Figure 2.

Overexpression of miR-29b promotes the osteogenic differentiation of hADSCs. hADSCs were transfected with agomir-29b, agomir NC, antagomir-29b and antagomir NC. At 48 h following transfection, cells were induced with differentiation medium. (A) RT-qPCR analysis was used to assess the expression levels of miR-29b 48 h after transfection. (B) Osteogenic differentiation was determined by staining with Alizarin Red S on day 21 post-induction. (C) Quantitative assessment of ALP activity by colorimetric alkaline phosphatase assay on day 21 post-induction.
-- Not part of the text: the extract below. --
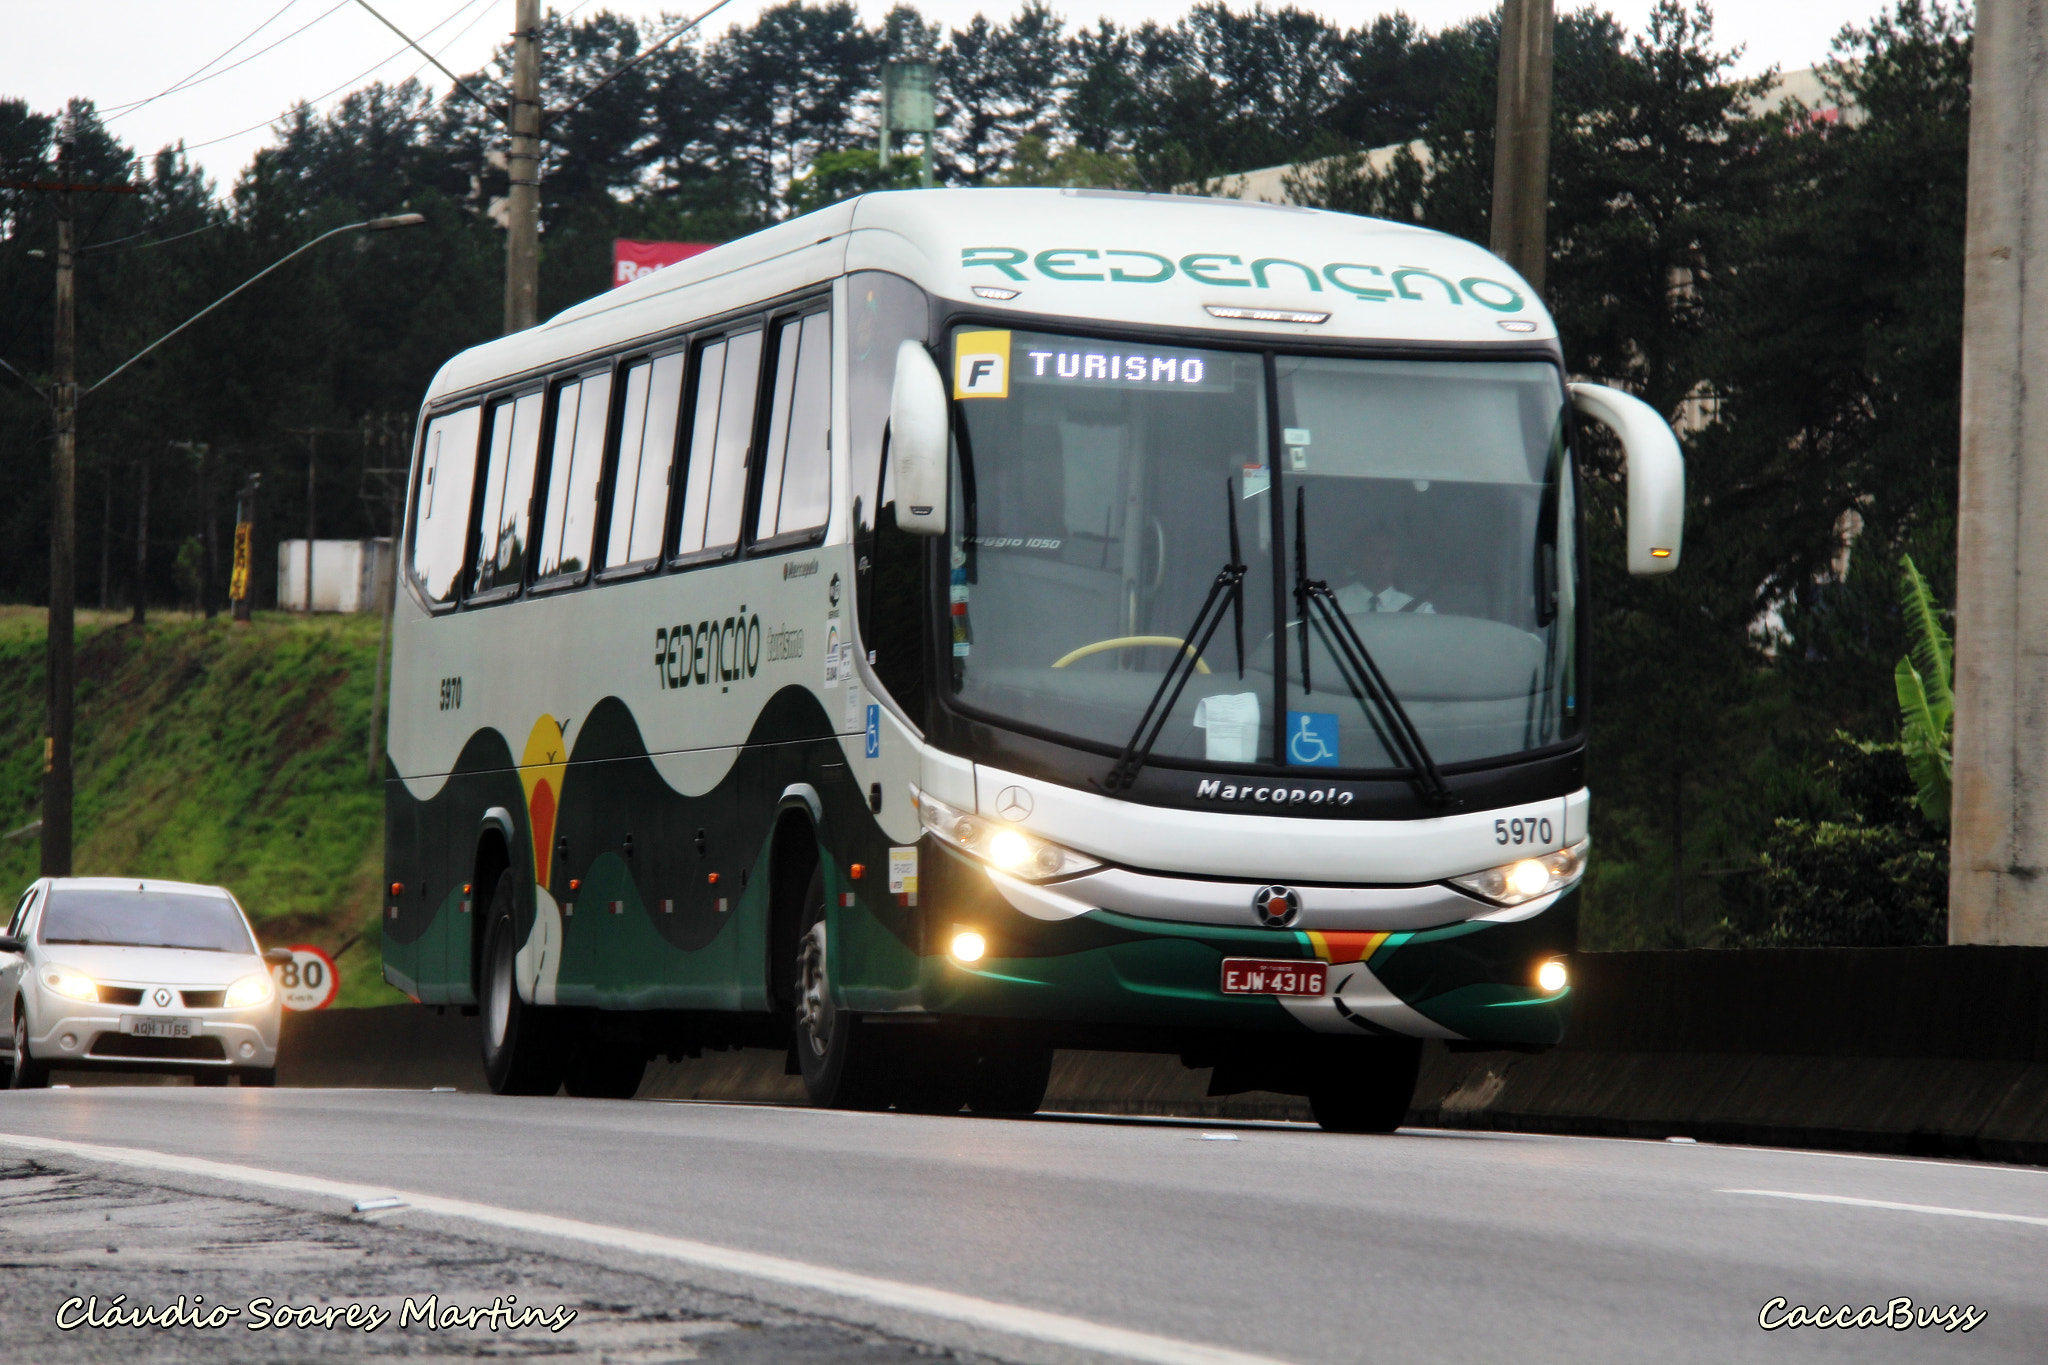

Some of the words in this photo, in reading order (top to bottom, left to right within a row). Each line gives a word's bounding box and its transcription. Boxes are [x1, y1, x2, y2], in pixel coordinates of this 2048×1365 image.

RT-qPCR analysis was used to assess the mRNA expression levels of the osteogenic differentiation markers (D) Runx2, (E) BSP, (F) OPN and osteocalcin (G) on day 21 post-induction. (H) Western blot analysis was used to assess the protein expression levels of the osteogenic differentiation markers (Runx2, BSP, OPN and osteocalcin). (I) Photograph morphology of hADSCs following Oil Red O, Alizarin Red S or Alcian blue staining after 21 days of culture in normal, adipogenic, osteogenic or chondrogenic differentiation medium. Magnification, x200. Data were represented as the means ± SD of 3 independent experiments. ^**P<0.01 vs. agomir NC group; ^##P<0.01 vs. antagomir NC group. hADSC, human adipose derived mesenchymal stem cell; Runx2, runt-related transcription factor 2; BSP, bone sialoprotein; OPN, osteopontin.